* **YOUR ASSIGNMENT**: Each line from the one containing "this 2352×1568 image." through the end of the entries below should be transcribed exactly, and no other line.

*** Opening DATA PROVIDED ***

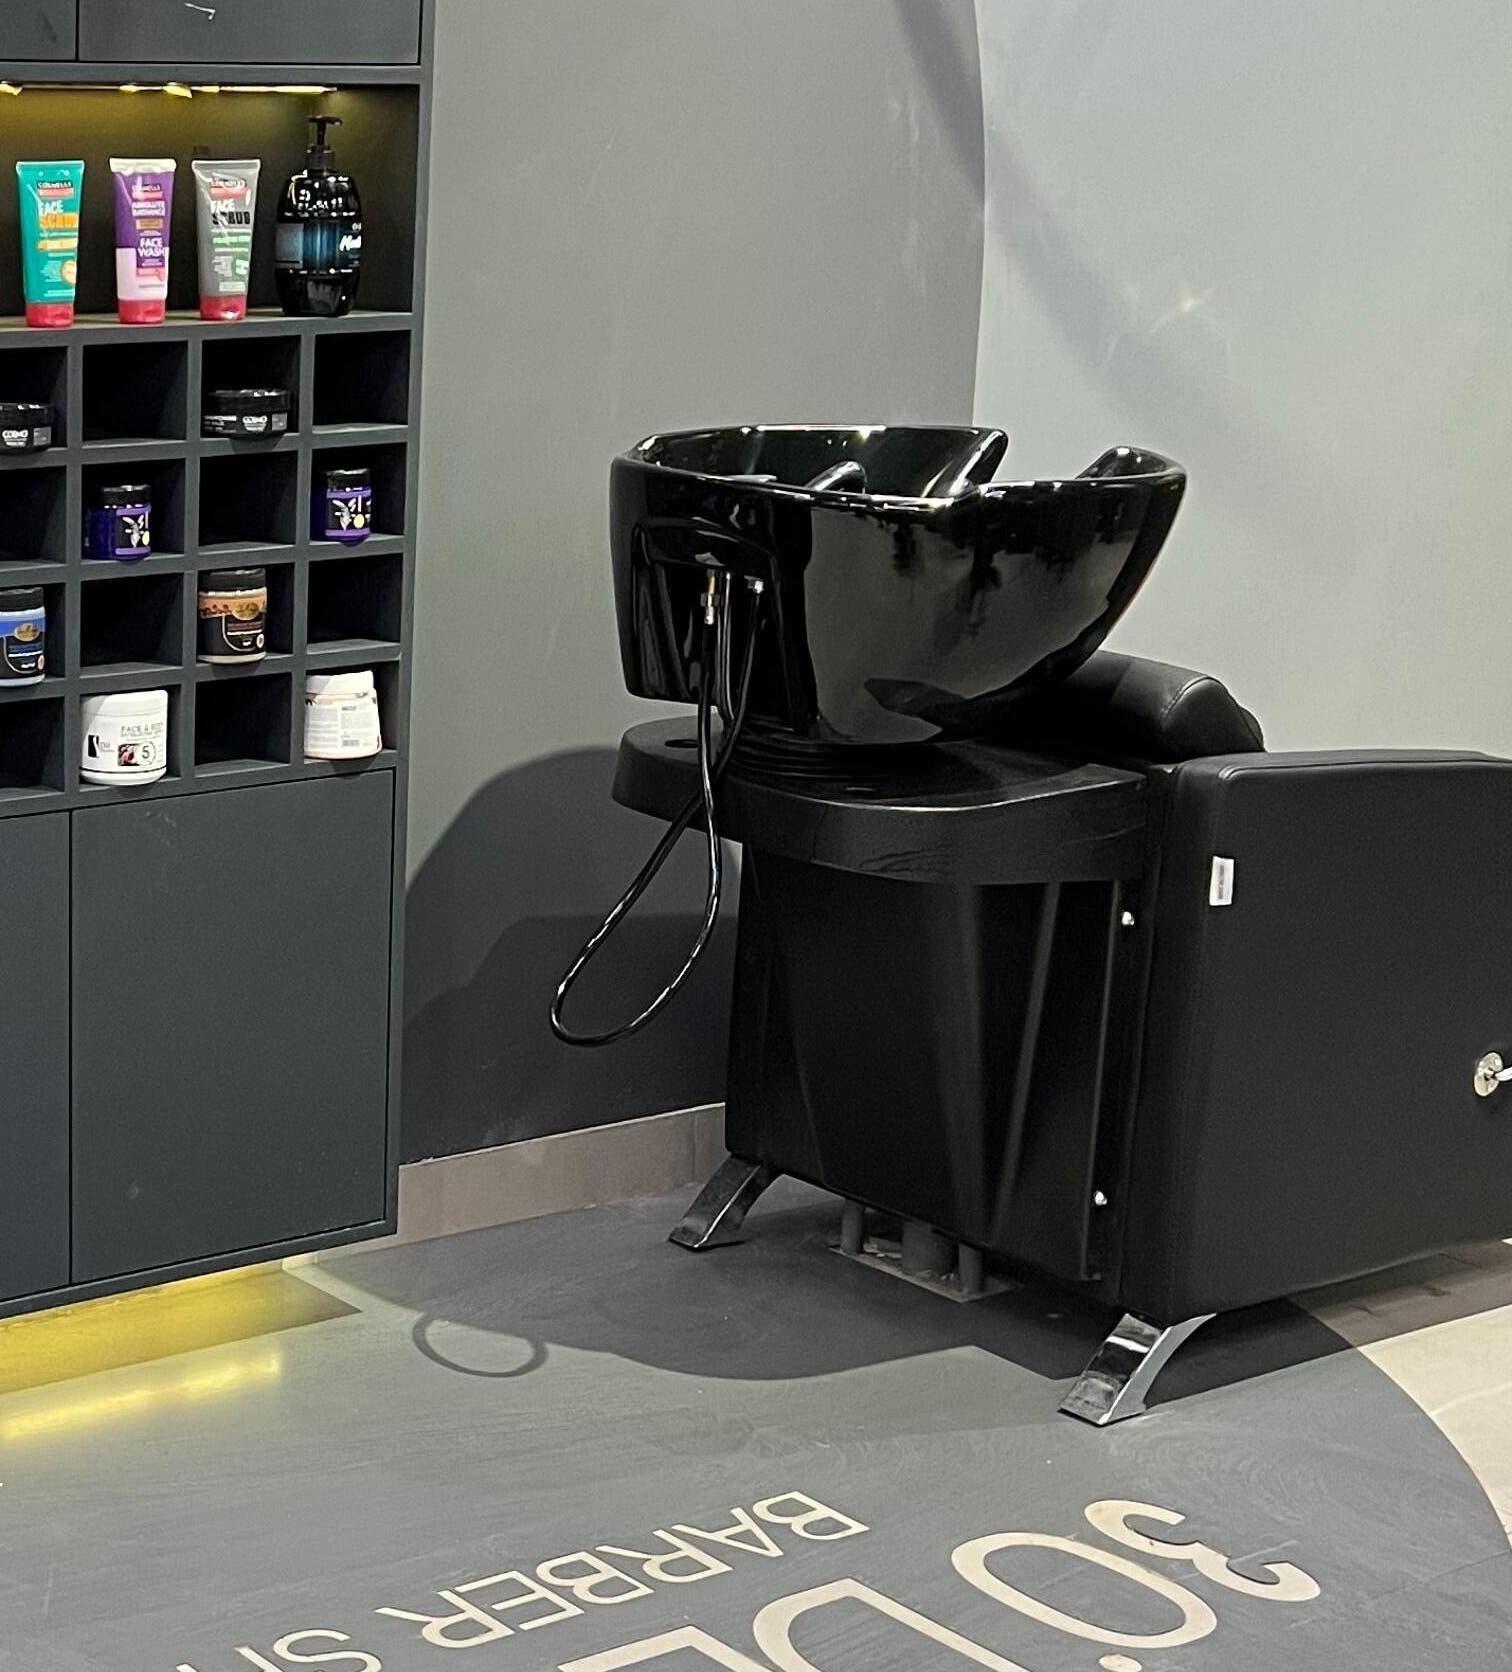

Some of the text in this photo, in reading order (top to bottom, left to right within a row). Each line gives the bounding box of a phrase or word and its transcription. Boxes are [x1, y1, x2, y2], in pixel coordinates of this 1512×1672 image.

[38, 200, 64, 215] FACE
[210, 199, 236, 212] FACE
[140, 237, 163, 248] FACE
[137, 247, 166, 258] WASH
[141, 745, 150, 759] 5
[374, 1490, 870, 1649] BARBER
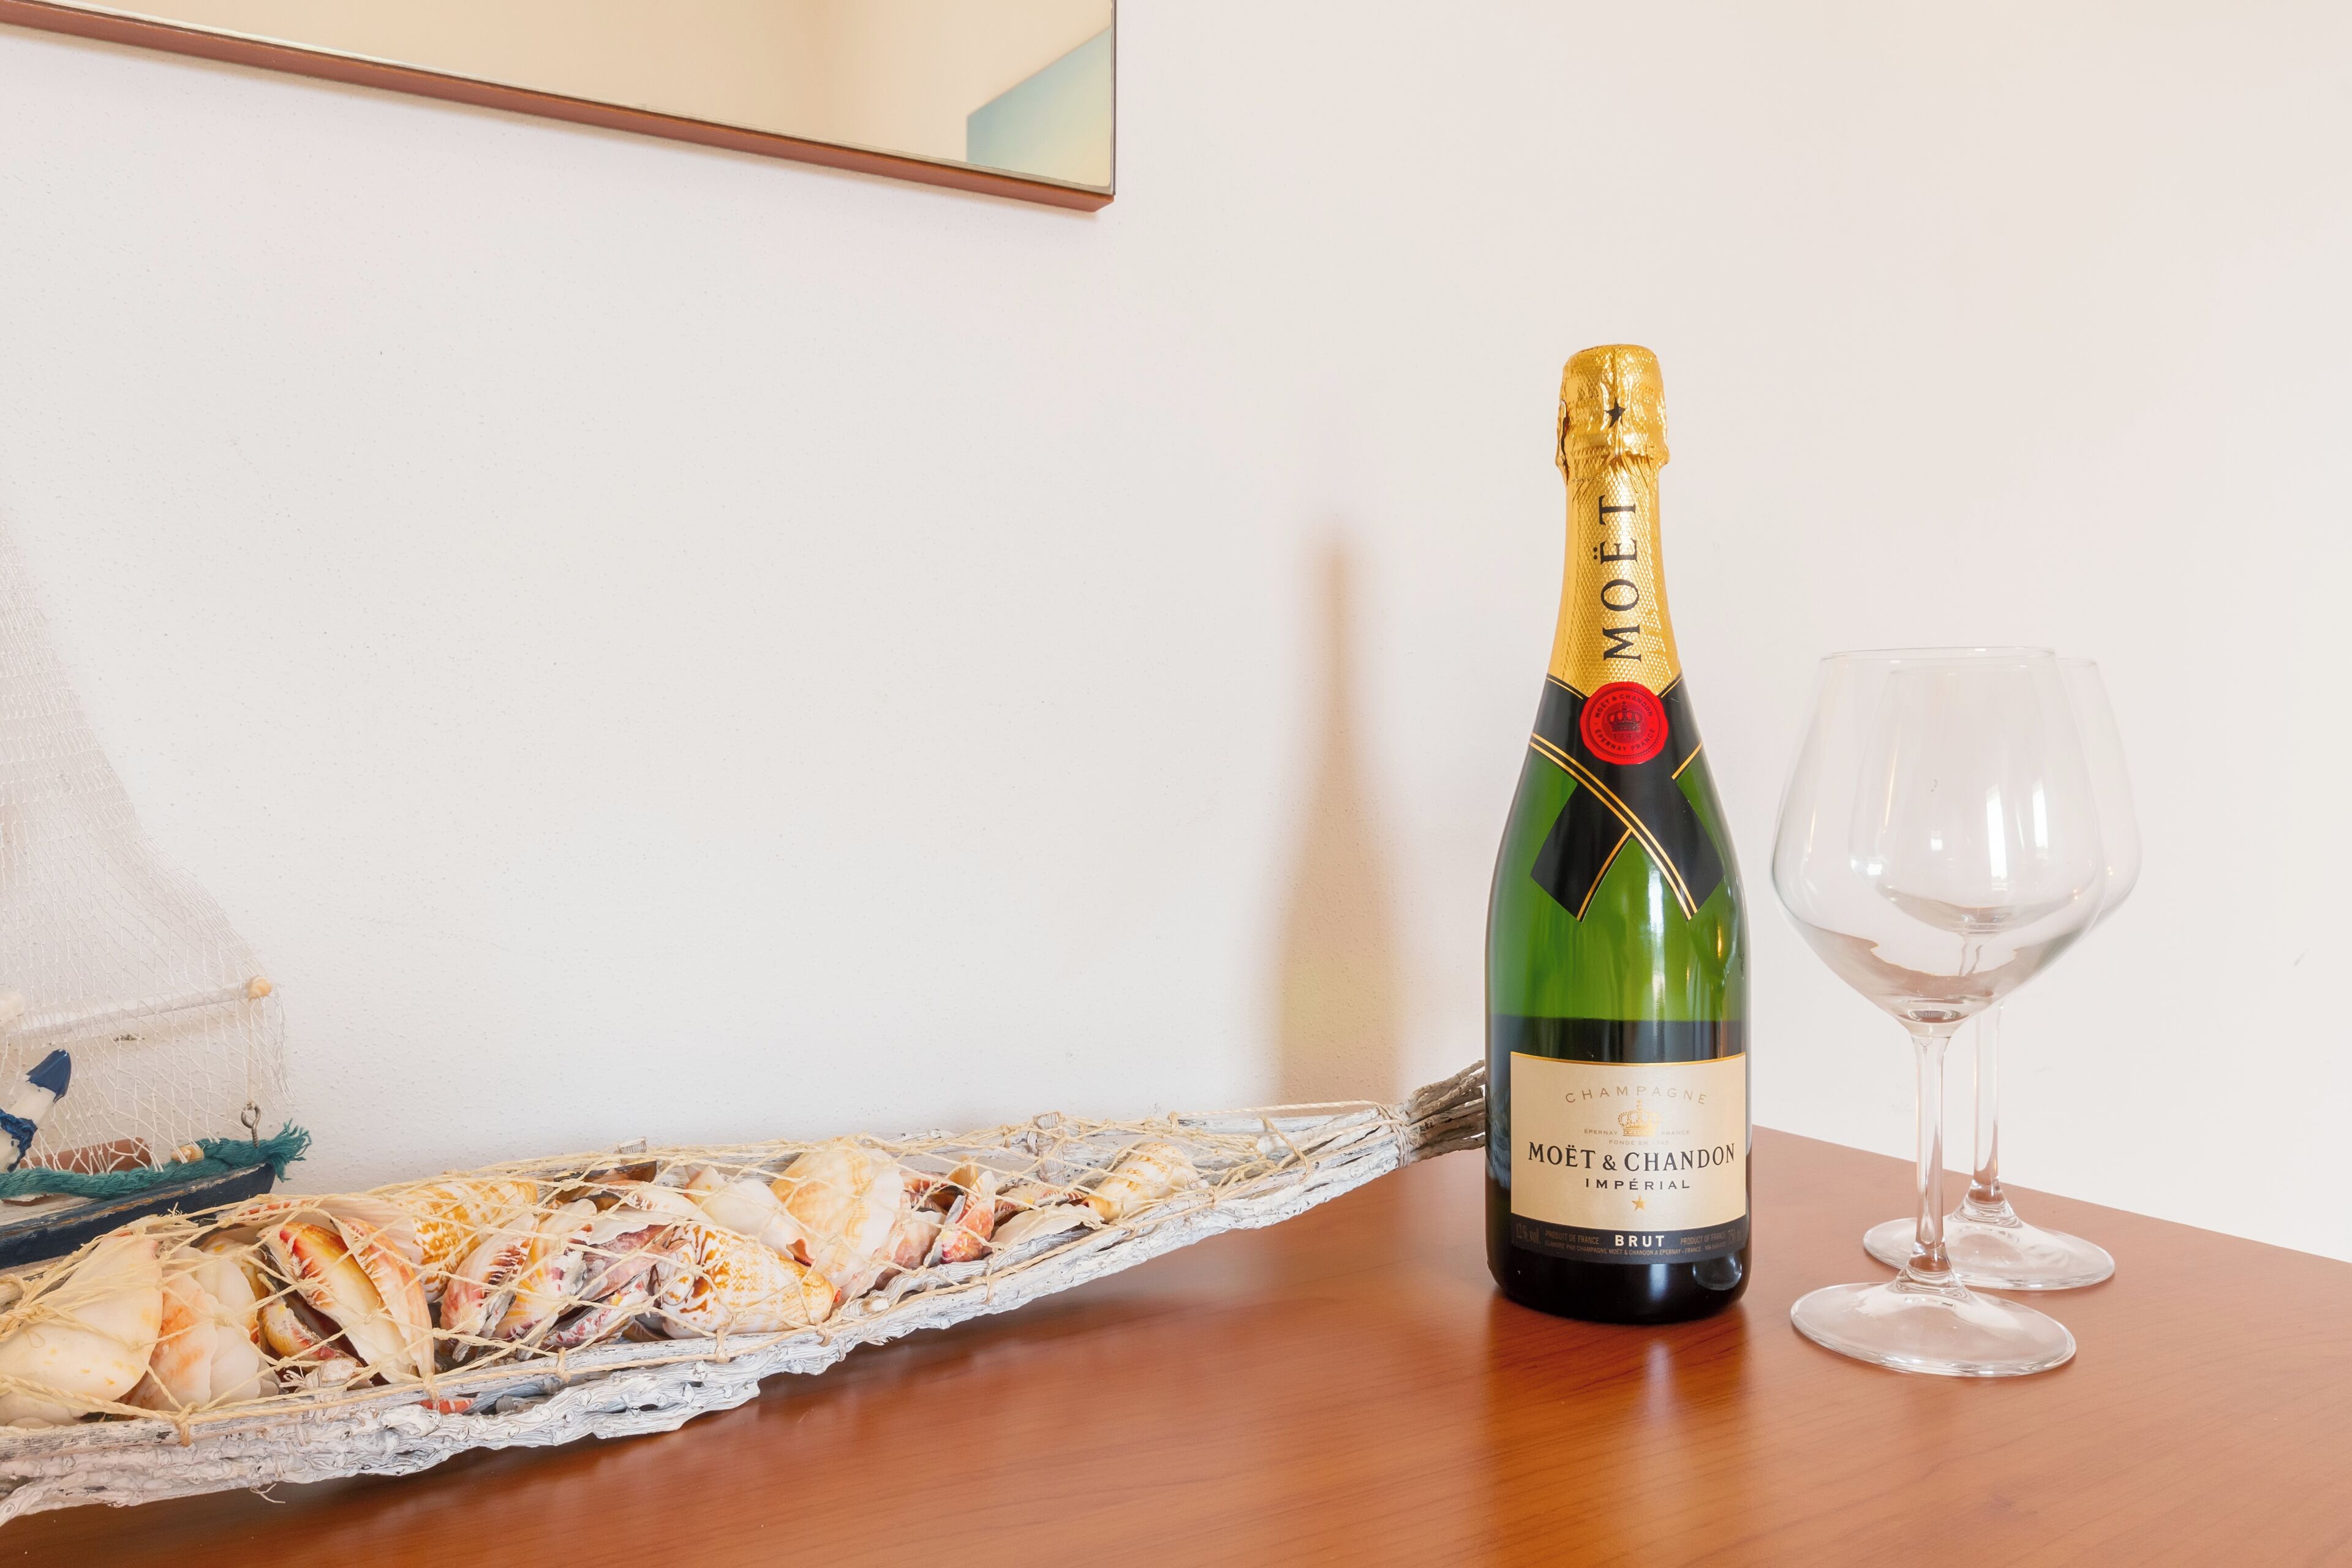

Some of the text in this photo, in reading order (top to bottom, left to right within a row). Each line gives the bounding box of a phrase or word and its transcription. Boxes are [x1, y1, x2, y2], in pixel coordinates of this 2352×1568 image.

[1593, 494, 1642, 662] MOËT
[1619, 694, 1653, 717] CHANDON
[1630, 728, 1655, 751] FRANCE
[1565, 1086, 1706, 1105] CHAMPAGNE
[1528, 1142, 1735, 1172] MOËT & CHANDON
[1585, 1178, 1691, 1190] IMPÉRIAL
[1569, 1234, 1577, 1242] DE
[1577, 1235, 1600, 1245] FRANCE
[1615, 1234, 1665, 1248] BRUT
[1680, 1235, 1703, 1245] PRODUCT
[1577, 1245, 1608, 1254] CHAMPAGNE

*** Closing DATA PROVIDED ***

* **ANSWER TO THE PROBLEM**:
Some of the text in this photo, in reading order (top to bottom, left to right within a row). Each line gives the bounding box of a phrase or word and its transcription. Boxes are [x1, y1, x2, y2], in pixel coordinates of this 2352×1568 image.

[1593, 494, 1642, 662] MOËT
[1619, 694, 1653, 717] CHANDON
[1630, 728, 1655, 751] FRANCE
[1565, 1086, 1706, 1105] CHAMPAGNE
[1528, 1142, 1735, 1172] MOËT & CHANDON
[1585, 1178, 1691, 1190] IMPÉRIAL
[1569, 1234, 1577, 1242] DE
[1577, 1235, 1600, 1245] FRANCE
[1615, 1234, 1665, 1248] BRUT
[1680, 1235, 1703, 1245] PRODUCT
[1577, 1245, 1608, 1254] CHAMPAGNE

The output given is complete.